Die CDU-Landtagskandi­datin für den Wahlkreis 2, Sandra Hietel, besuchte am Dienstag den Künst­lerstadt-Verein Kalbe. Im Rahmen ihres Wahlkamp­fes sah sie sich die aktu­ellen Bauprojekte des Vereins an und sprach mit Künstlerstadt-Initiatorin Corinna Köbele über ein interkulturelles Bausym­posium, das ansteht.

 

 

Von Doreen Schulze


 Kalbe/Gardelegen • Die Fassade ist bereits instandgesetzt. Neue Fenster sind eingebaut, erste Räume saniert. Ein Ge­rüst vor dem Haus zeugt noch von Bauarbeiten am Kulturhof in der Rathausstraße in Kalbe. An diesem steht auf einem Pla­kat „Hier baut die Künstler­stadt". Vom Baugeschehen in den Objekten des Künstler­stadt-Vereins Kalbe - neben dem Kulturhof ist das auch das ehemalige Gerichtsgebäude -machte sich Sandra Hietel, CDU-Landtagskandidatin im Wahlkreis 2 mit Gardelegen, Klötze, Kalbe und Oebisfelde, am Dienstag ein Bild. Begleitet wurde sie dabei von Sebastian Putz (CDU), Staatssekretär dem Ministerium für Landesent­wicklung und Verkehr.

Den Künstlerstadt-Verein besuchte Hietel, weil sich die­ser mit seinen innovativen Ideen und Projekten für Gestal­tung und Lebensqualität im ländlichen Raum einsetze. Ein Thema, das auch Hietel be­schäftigt. Sie hat als Schwer­punkt ihrer Arbeit im Altmark­kreis Salzwedel die Stärkung des ländlicheren Raums gewählt.

„Ein wichtiger Aspekt ist, die Gleichwertigkeit der Le­bensverhältnisses in Stadt und Land als Bestandteil in die Ver­fassung aufzunehmen", so die Kommunalpolitikerin. Wich­tig sei dabei auch, junge Leute in der Region zu halten. Dies funktioniere beispielsweise über das Projekt Gardelehrer, mit dem in Gardelegen junge Lehrer aus der Region für Schulen der Region gewonnen würden.

Weitere Beispiele zählten Hietel und Putz auf. So müsse verstärkt auf einen Öffentli­chen Personennahverkehr (ÖPNV) mit attraktiven Fahr­plänen gesetzt werden. Auch der Moped-Führerschein mit 15 oder Bauland im Außenbereich seien diesbezüglich wichtige Themen. „Die A14 wird die Alt­mark und Kalbe nach vorn brin­gen", war sich Putz sicher.

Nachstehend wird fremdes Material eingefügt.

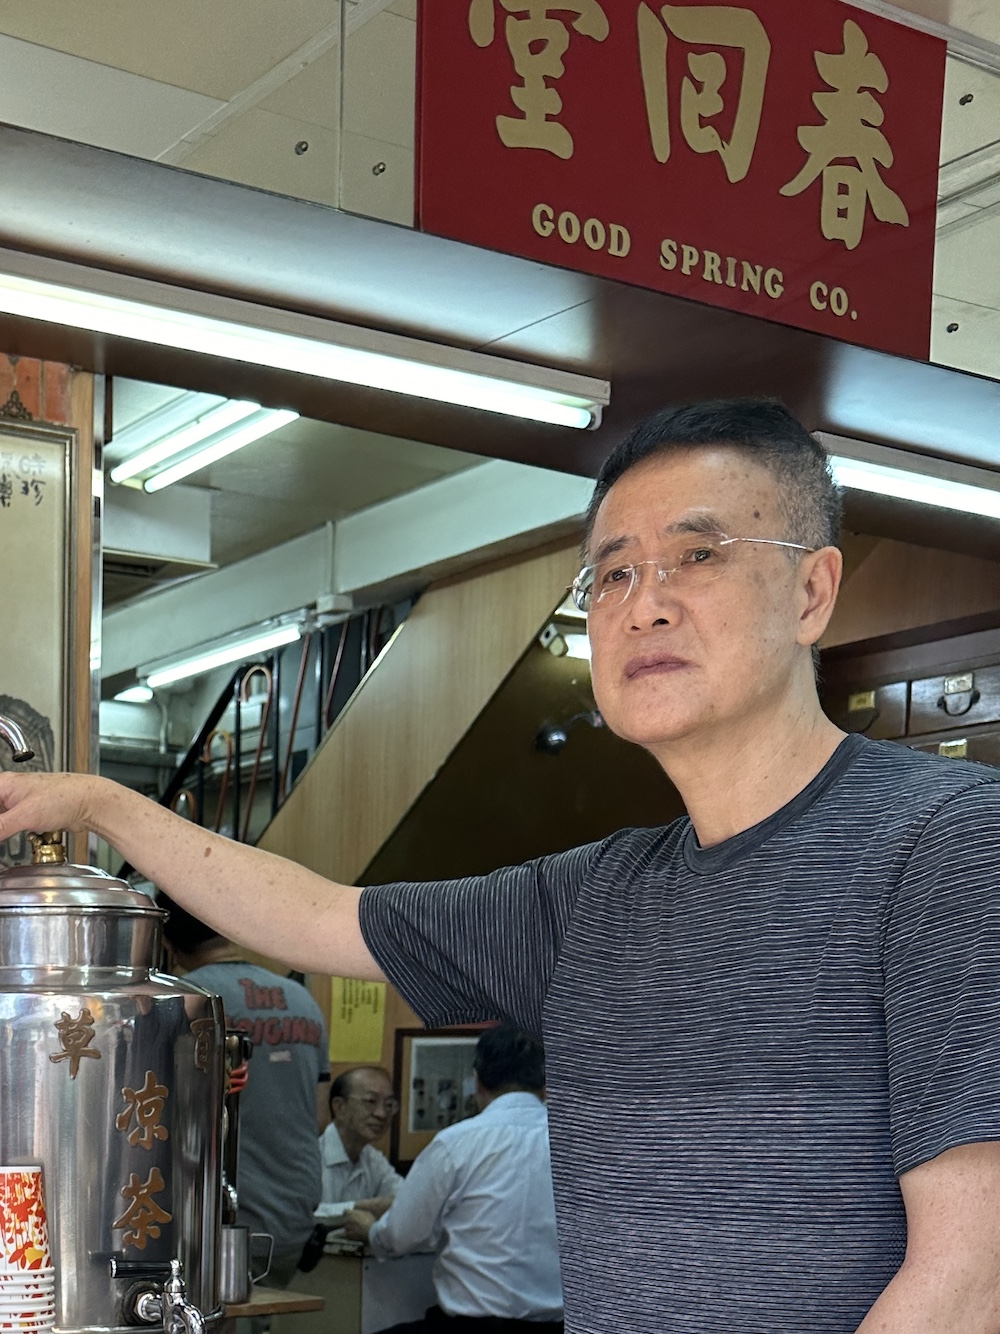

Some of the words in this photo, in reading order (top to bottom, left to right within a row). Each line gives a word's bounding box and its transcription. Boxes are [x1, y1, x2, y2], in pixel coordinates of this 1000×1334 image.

[531, 203, 631, 259] GOOD
[659, 238, 785, 300] SPRING
[809, 280, 858, 321] CO.

Das Finanzausgleichsgesetz solle neu angefasst werden, so die Landtagskandidatin. Kom­munen sollten so wieder mehr finanzielle Mittel zur Umset­zung ihrer Aufgaben und In­vestitionen zur Verfügung ge­stellt bekommen.

Und auch Kultur müsse für Menschen auf dem Land erleb­bar sein, zählte Hietel auf. Dies leiste der Künstlerstadt-Ver­ein, der aber weit mehr als Le­sungen und Konzerte zu bie­ten habe. So plant Künstler­stadt-Initiatorin Corinna Kö­bele ein interkulturelles Bau-symposion. Dazu sollen im No­vember Architekten nach Kal­be kommen. Eine Baulücke in der Stadt könnte über das Sym­posium geschlossen werden. Mit Lehm, Glas und Ziegeln könne sich ein neues Gebäude in die historische Bausubstanz einfügen lassen, so Köbeles Idee. Beispiele, dass dies funk­tioniere, gebe es in Quedlin­burg. Bei der Hans-Sauer-Stiftung werde der Verein einen Förderantrag stellen. „Im Sinne eines neuen Bauhauses", so Kö­bele, könnten junge Leute aus der ganzen Welt bei der denk­malgerechten Restaurierung älter Gebäude und Einfügen neuer in vorhandener Bausubs­tanz Lebensräume schaffen.